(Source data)
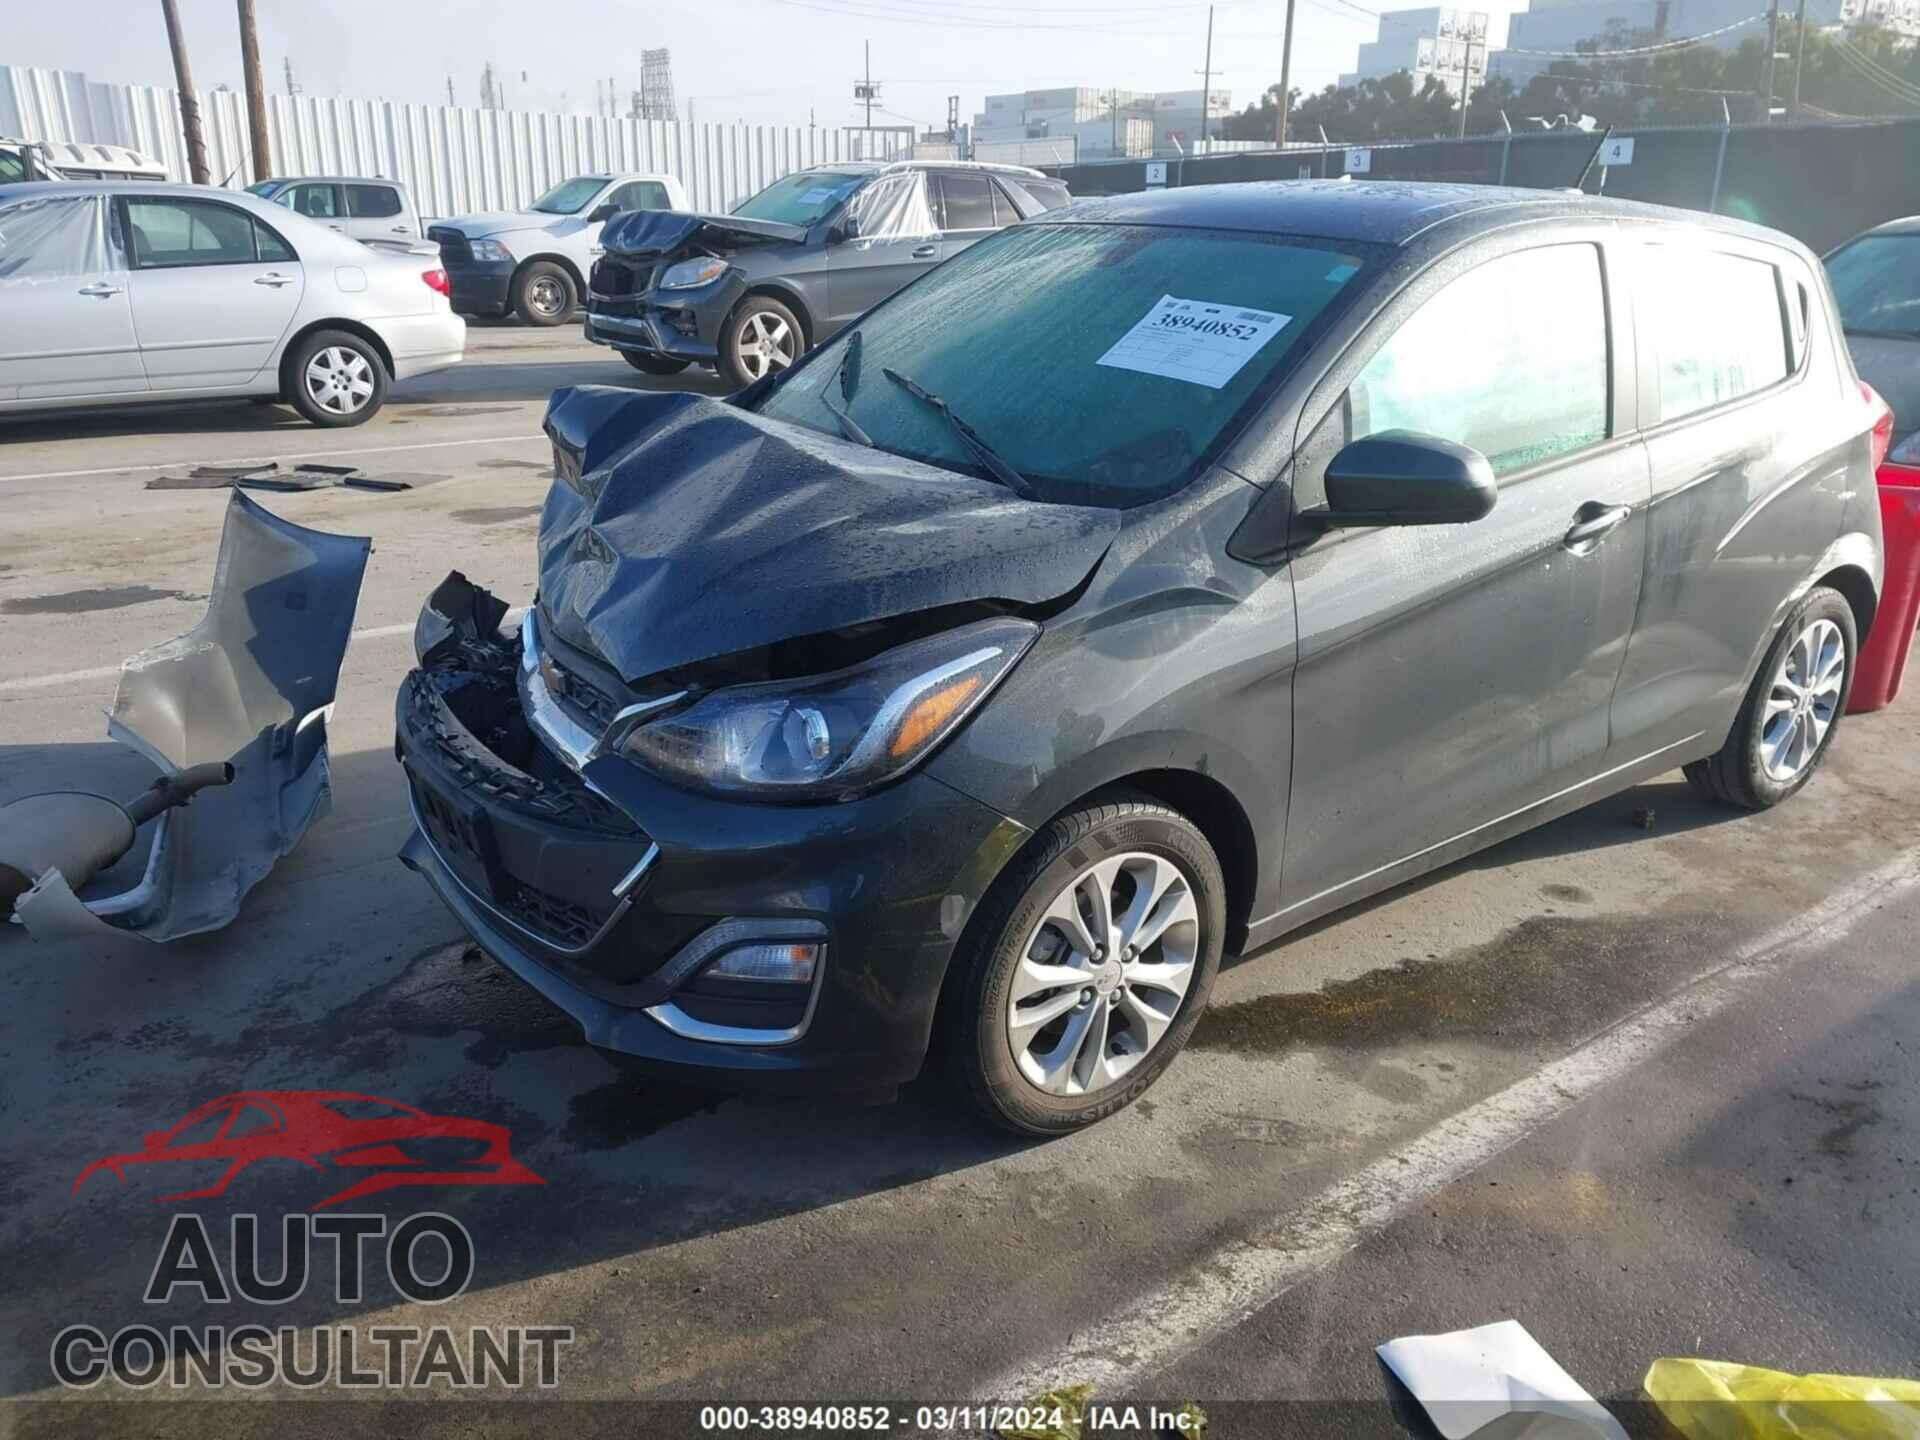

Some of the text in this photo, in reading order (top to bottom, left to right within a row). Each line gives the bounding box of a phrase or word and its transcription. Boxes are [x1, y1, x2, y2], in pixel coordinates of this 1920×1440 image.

[1612, 145, 1621, 158] 4
[1354, 154, 1361, 168] 3
[1153, 167, 1160, 178] 2
[1152, 313, 1259, 341] 38940852

• _Your goal_
Each entry should be transcribed exactly as given, with pictures omitted.

• _Exercise solution_
Some of the text in this photo, in reading order (top to bottom, left to right within a row). Each line gives the bounding box of a phrase or word and its transcription. Boxes are [x1, y1, x2, y2], in pixel coordinates of this 1920×1440 image.

[1612, 145, 1621, 158] 4
[1354, 154, 1361, 168] 3
[1153, 167, 1160, 178] 2
[1152, 313, 1259, 341] 38940852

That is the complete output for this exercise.